There is an underlying emotion to each mood- we may be irritated but feel afraid. This is important to recognize because our emotion can help us understand the Why. As we move through our day, our emotions show up differently and evolve into different moods. Building awareness in the reason for our emotions can help us separate where our mood originated and where it is in the present moment. Asking yourself why, accepting the emotion and validating it can go a long way for our nervous system.

2) Where do I feel this emotion?

Focus in on the emotion- is it in your chest? Throat? Take the time to notice how heavy that place in the body is. It can be causing tension or pain for you physically. Can you breathe into that area and release the contraction? Give yourself some time and grace to find it in the body. Awareness alone can help accept and release emotions.

3) Am I in a clear mindset?

Most of the time, we become overwhelmed and confused with why we are in a mood. It is part of the human experience to subconsciously focus on it to “fix" it. See if you can look within from a lens of curiosity instead of frustration. As you find out more about your mood- can you have compassion for the reasons it has developed? No judgment.

4) Can I regulate my nervous system?

Take some time to relax. Realistically, you are breathing but try to breathe deeper. Allowing yourself to physically fill up and contract within, then exhale and release. Consider where you are- Can you be somewhere alone and physically comforting? Intentionally send messages to your body that you are safe.

5) How long have I felt this mood?

Have you been suppressing this mood/emotion for a while? Most of the time, we push away and avoid the uncomfortable because it isn’t a “good time” for it. As we continually do this- we are telling ourselves that it is not okay to feel and the mind does not usually work in that way. As we examine the origin, the location, the deeper meaning of our mood, we can thoroughly validate that it exists and decrease the need for it to continuously show up within because we have finally RECIEVED the message from our body.

6) Write it out/Talk it out

Externalizing the emotion/mood can significantly decrease the physical reactions that follow. Getting it out, releasing, hearing it be said out loud or reading it will create a conscious reflection for your experience. Before venting to someone who provides you a safe space to talk it out, ensure they have the space/energy to hold this with you. Have an understanding between yourself and them of what you need. A sound board to just listen? Some advice or feedback? It’s yours to determine.

7) Are there external factors that are also affecting my mood?

Consider if anything in your environment/recent experience is making this mood/emotion larger than it began. Maybe you had a stressful day at work and then walked into a tense family dinner. Or you had to go to a social event right after an argument. The mood/emotion did not originate in the present situation but has caused it to evolve further since there was no release. How could you honor the mood before entering a new situation? If you have to move through your day, awareness of the origin/reason can help to compartmentalize what is going on inside.

8) Is this mood protecting me from something?

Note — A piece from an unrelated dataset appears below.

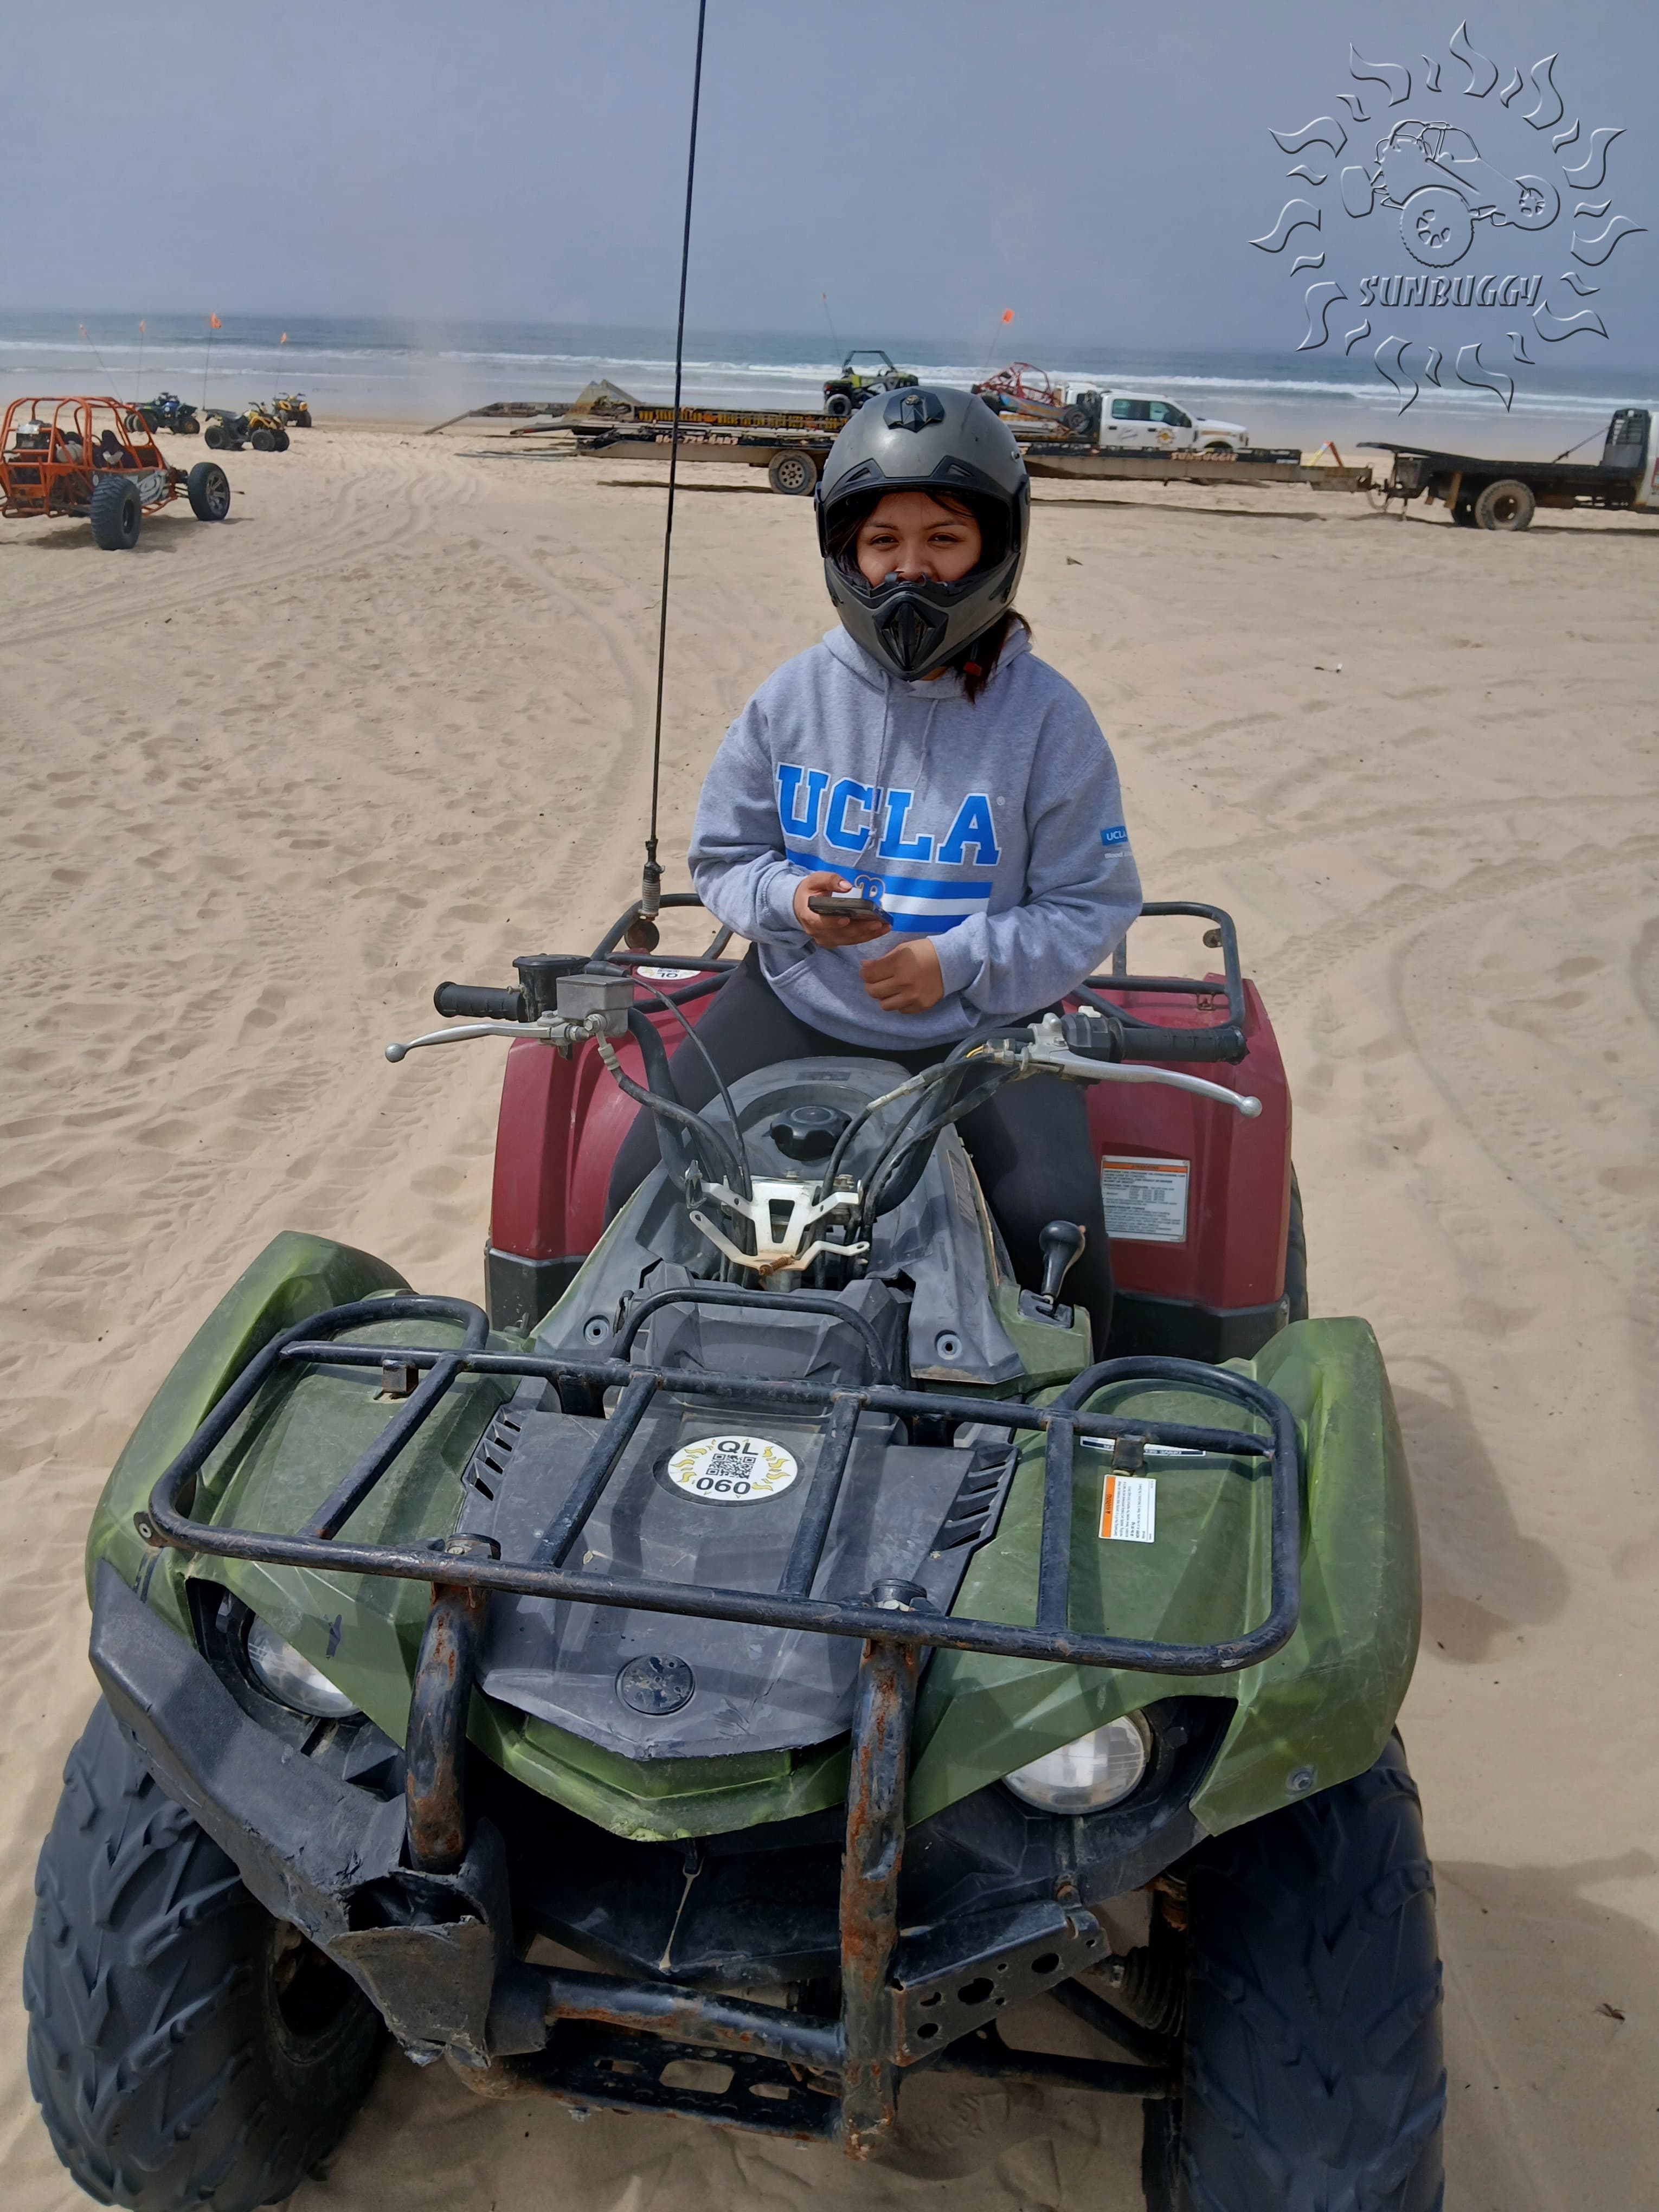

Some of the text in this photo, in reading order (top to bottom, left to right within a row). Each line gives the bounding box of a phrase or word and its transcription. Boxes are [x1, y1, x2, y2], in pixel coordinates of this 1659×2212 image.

[776, 762, 1001, 866] UCLA
[717, 1440, 759, 1455] QL
[696, 1477, 751, 1495] 060

Oftentimes, we have emotional reactions to things that internally hurt us or make us feel emotionally unsafe. Explore why this mood may be protecting you. From someone, from a certain outcome. If you did not react in this way or carry this emotion- what could happen? Our brain is consistently protecting us and could be subconsciously working hard to avoid an uncomfortable or unsafe situation.



Moods and emotions are NATURAL! It can become overwhelming when we don’t take the time to understand why we feel a certain way. If you feel that you are stuck and lost in your feelings, book a call with a therapist to get some guidance in this process.